• **Exercise**:
With the pictures left aside, write out the entries that follow exactly.

• **Extracted records**:
+ + + + + + +

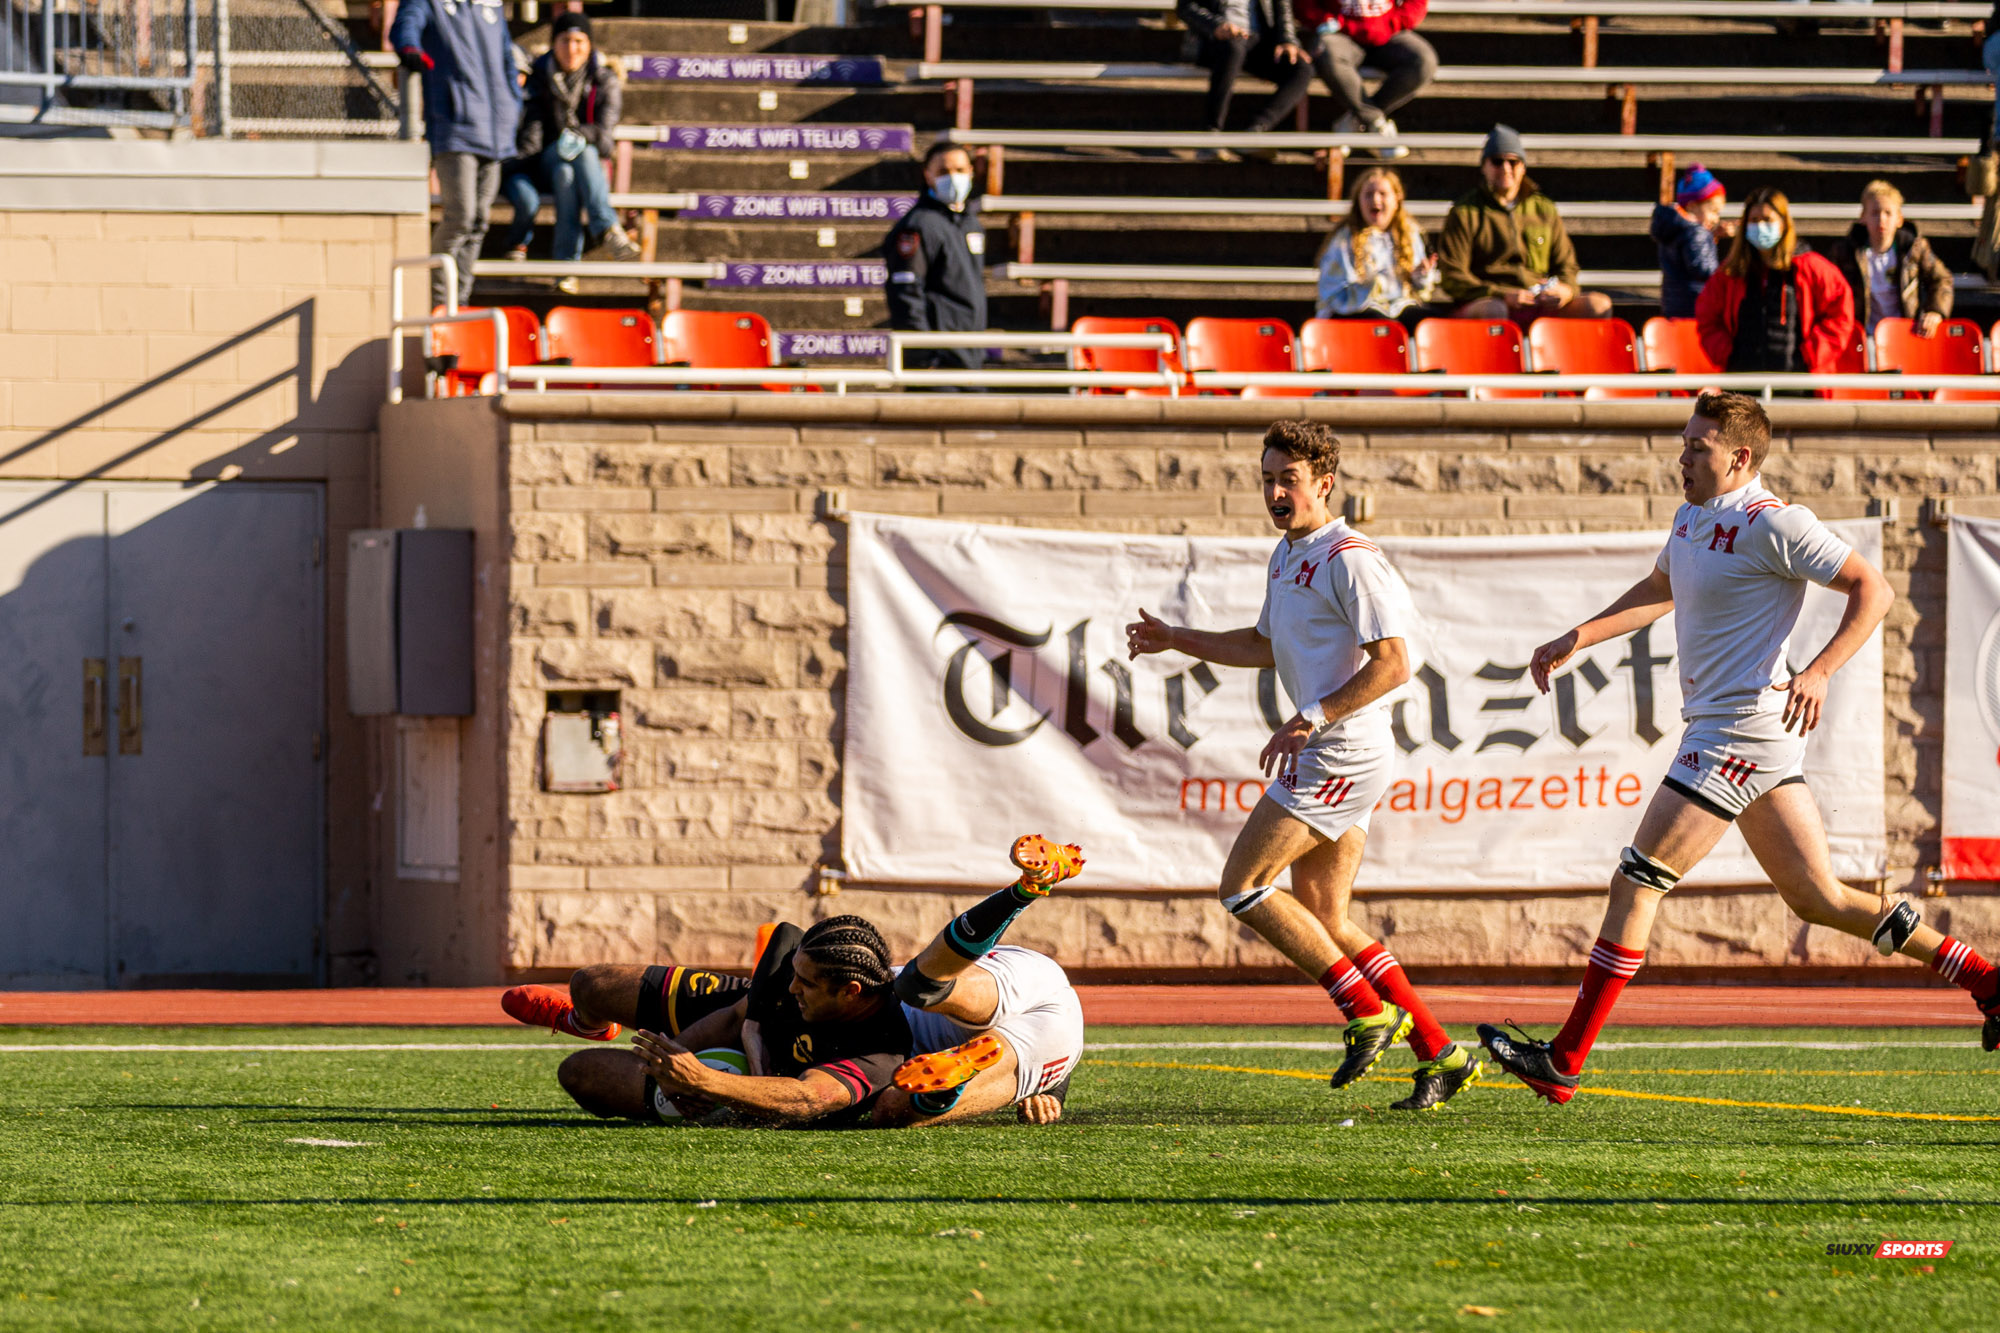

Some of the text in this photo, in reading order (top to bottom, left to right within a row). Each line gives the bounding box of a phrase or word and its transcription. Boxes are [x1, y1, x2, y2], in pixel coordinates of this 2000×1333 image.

[677, 58, 832, 79] ZONE WIFI TELUS
[705, 128, 860, 149] ZONE WIFI TELUS
[732, 197, 889, 217] ZONE WIFI TELUS
[762, 265, 816, 285] ZONE
[816, 265, 858, 285] WIFI
[791, 335, 887, 354] ZONE WIFI
[935, 610, 1223, 750] The
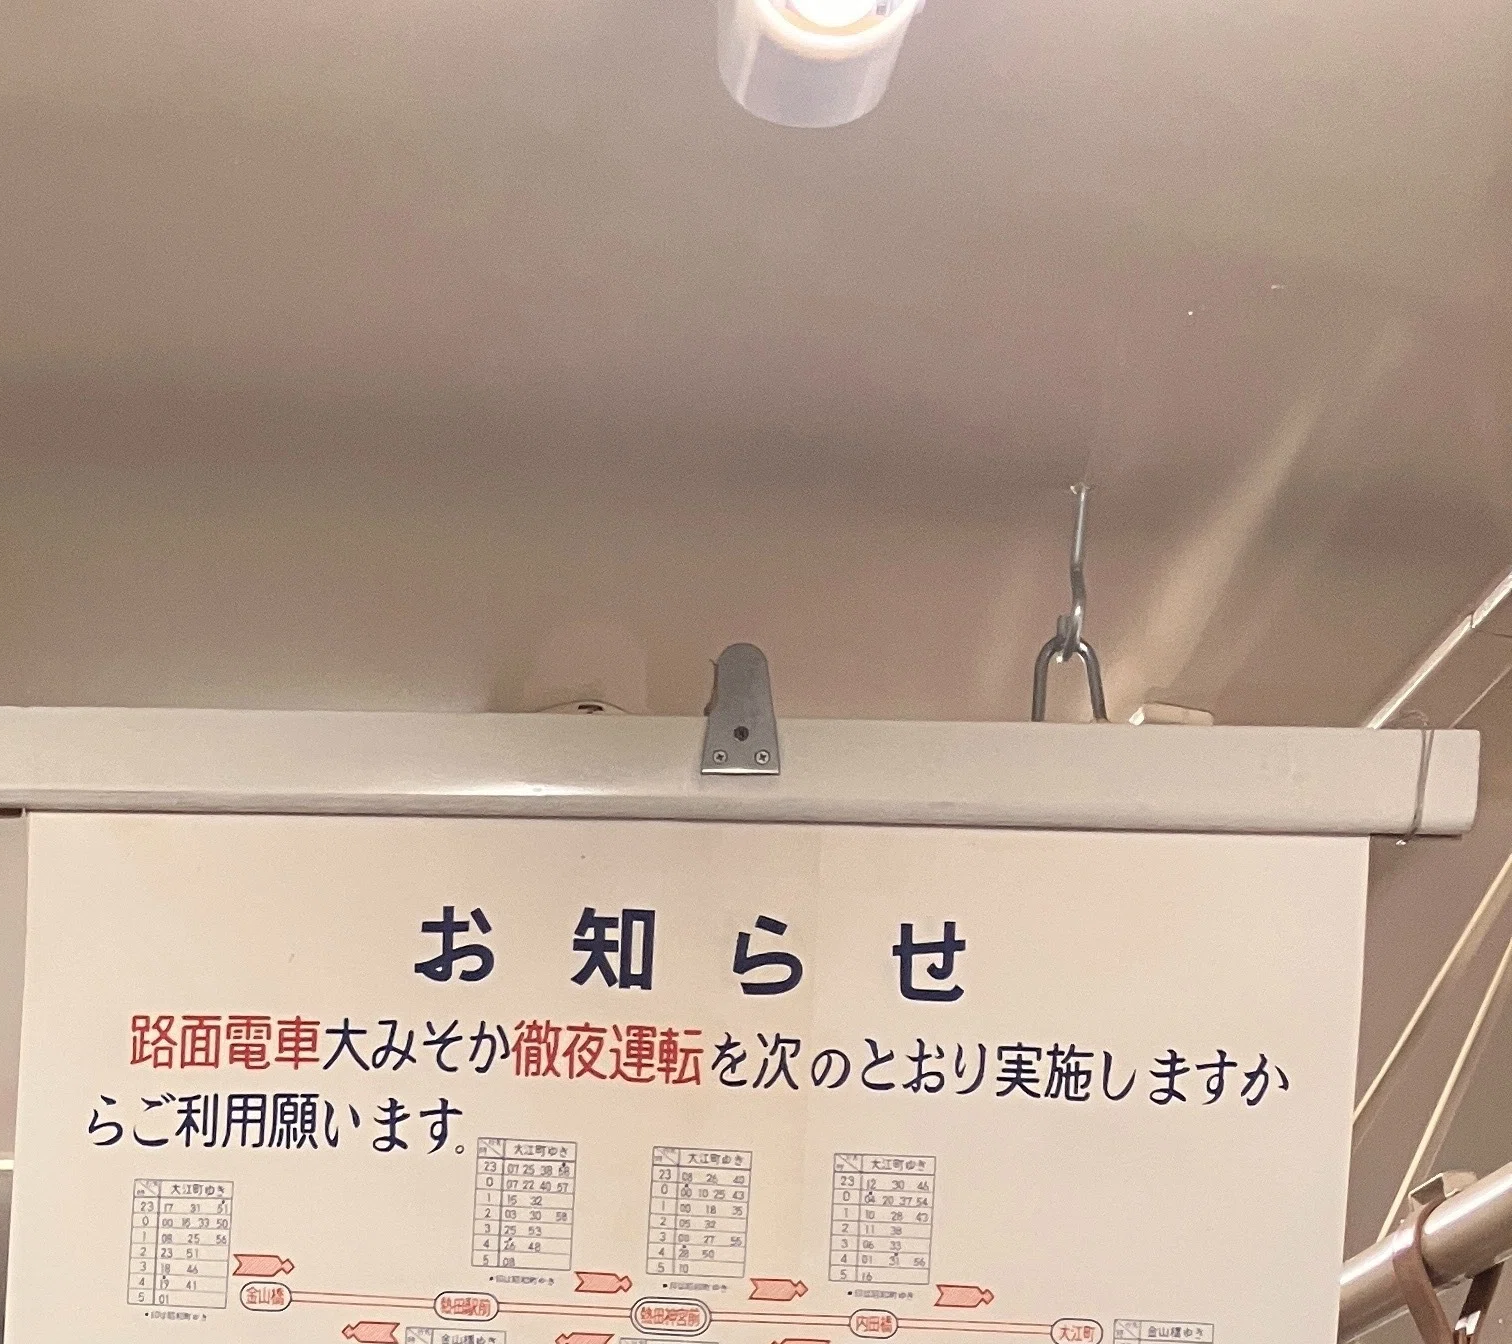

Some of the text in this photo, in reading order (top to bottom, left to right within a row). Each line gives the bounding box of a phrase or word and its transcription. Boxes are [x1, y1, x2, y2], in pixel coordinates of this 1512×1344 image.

[413, 905, 966, 1002] お知らせ
[87, 1092, 465, 1155] らご利用願います。
[484, 1161, 497, 1172] 23
[658, 1169, 672, 1180] 23
[485, 1176, 494, 1187] 0
[840, 1176, 855, 1186] 23
[842, 1191, 850, 1201] 0
[140, 1201, 154, 1212] 23
[142, 1216, 149, 1226] 0
[142, 1231, 146, 1241] 1
[139, 1247, 147, 1257] 2
[139, 1261, 147, 1272] 3
[139, 1277, 145, 1286] 4
[138, 1292, 145, 1302] 5
[1059, 1326, 1095, 1343] 大江町

+ + + + + + +

• **Completed exercise**:
Some of the text in this photo, in reading order (top to bottom, left to right within a row). Each line gives the bounding box of a phrase or word and its transcription. Boxes are [x1, y1, x2, y2], in pixel coordinates of this 2000×1333 image.

[677, 58, 832, 79] ZONE WIFI TELUS
[705, 128, 860, 149] ZONE WIFI TELUS
[732, 197, 889, 217] ZONE WIFI TELUS
[762, 265, 816, 285] ZONE
[816, 265, 858, 285] WIFI
[791, 335, 887, 354] ZONE WIFI
[935, 610, 1223, 750] The

Some of the text in this photo, in reading order (top to bottom, left to right within a row). Each line gives the bounding box of a phrase or word and its transcription. Boxes are [x1, y1, x2, y2], in pixel coordinates of this 1512×1344 image.

[413, 905, 966, 1002] お知らせ
[87, 1092, 465, 1155] らご利用願います。
[484, 1161, 497, 1172] 23
[658, 1169, 672, 1180] 23
[485, 1176, 494, 1187] 0
[840, 1176, 855, 1186] 23
[842, 1191, 850, 1201] 0
[140, 1201, 154, 1212] 23
[142, 1216, 149, 1226] 0
[142, 1231, 146, 1241] 1
[139, 1247, 147, 1257] 2
[139, 1261, 147, 1272] 3
[139, 1277, 145, 1286] 4
[138, 1292, 145, 1302] 5
[1059, 1326, 1095, 1343] 大江町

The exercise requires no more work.